# EXERCISE AIM
Each entry should be transcribed exactly as written, and any picture left out.
--- START ---
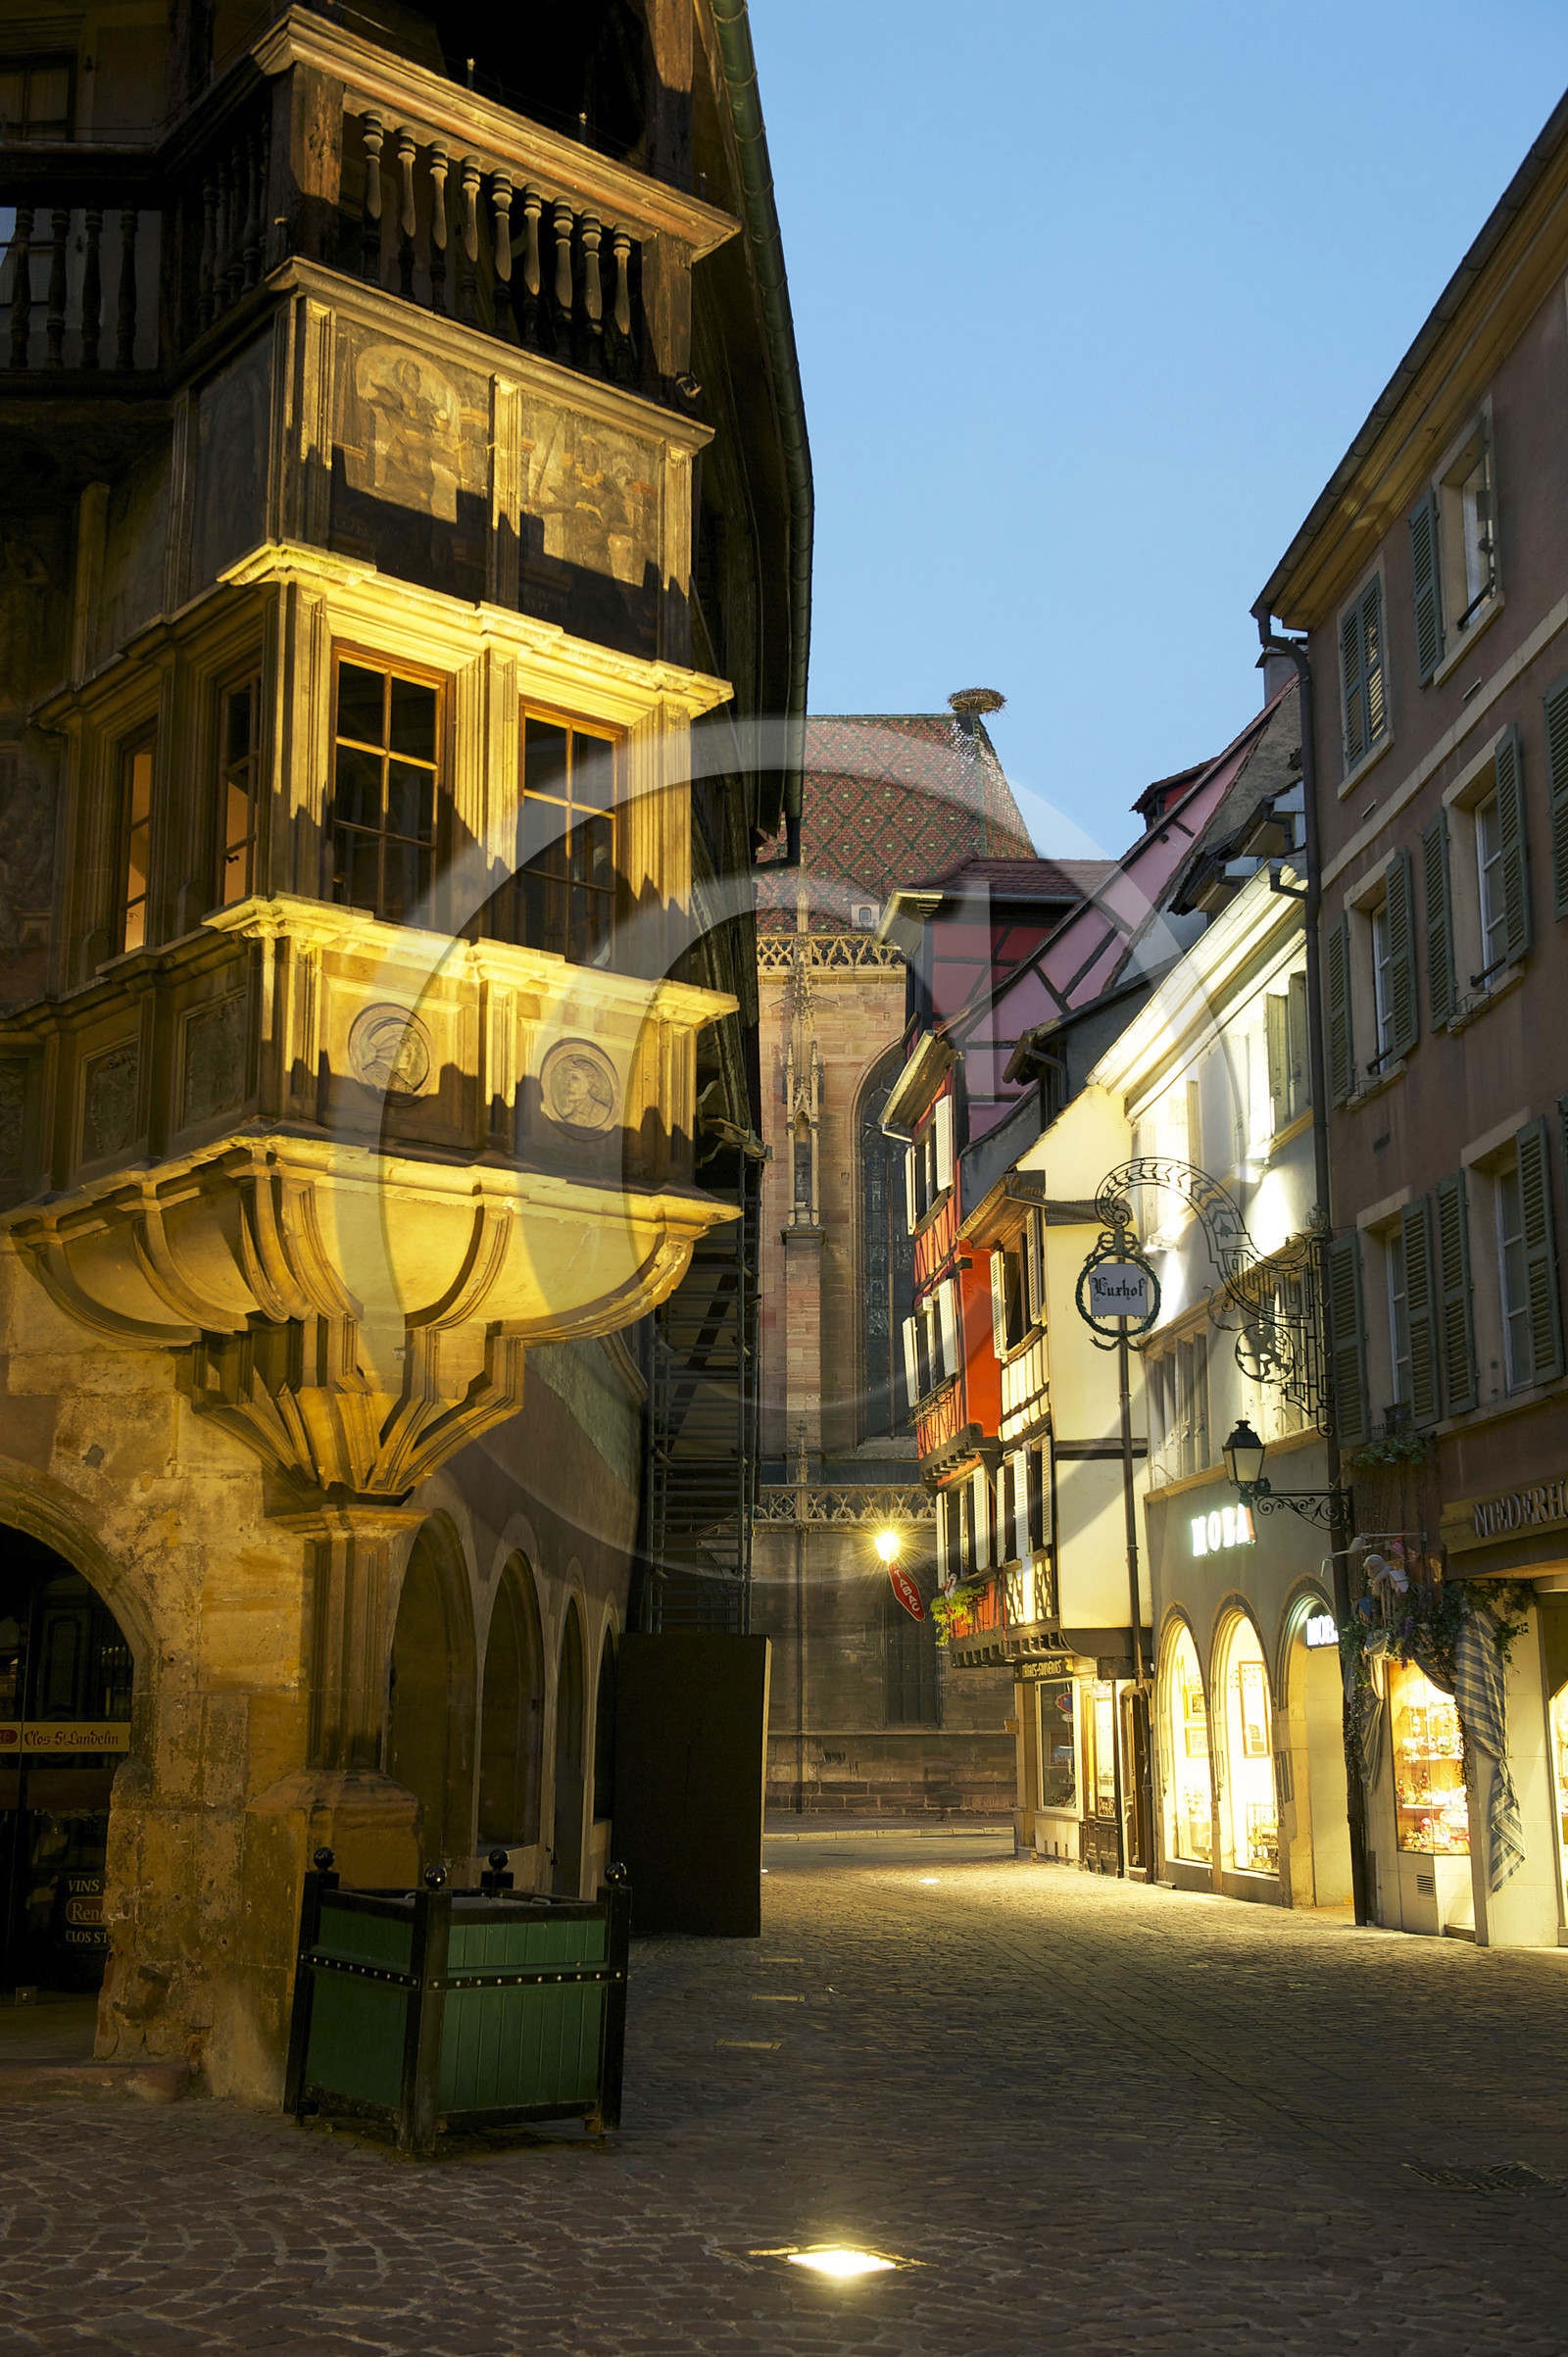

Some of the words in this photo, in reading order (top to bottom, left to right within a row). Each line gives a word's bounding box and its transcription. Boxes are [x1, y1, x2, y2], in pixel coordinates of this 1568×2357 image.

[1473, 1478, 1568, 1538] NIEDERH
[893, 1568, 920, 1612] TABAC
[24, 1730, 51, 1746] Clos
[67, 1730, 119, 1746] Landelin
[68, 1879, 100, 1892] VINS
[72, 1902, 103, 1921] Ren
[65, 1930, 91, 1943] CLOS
--- END ---
# THE ANSWER
Some of the words in this photo, in reading order (top to bottom, left to right within a row). Each line gives a word's bounding box and its transcription. Boxes are [x1, y1, x2, y2], in pixel coordinates of this 1568×2357 image.

[1473, 1478, 1568, 1538] NIEDERH
[893, 1568, 920, 1612] TABAC
[24, 1730, 51, 1746] Clos
[67, 1730, 119, 1746] Landelin
[68, 1879, 100, 1892] VINS
[72, 1902, 103, 1921] Ren
[65, 1930, 91, 1943] CLOS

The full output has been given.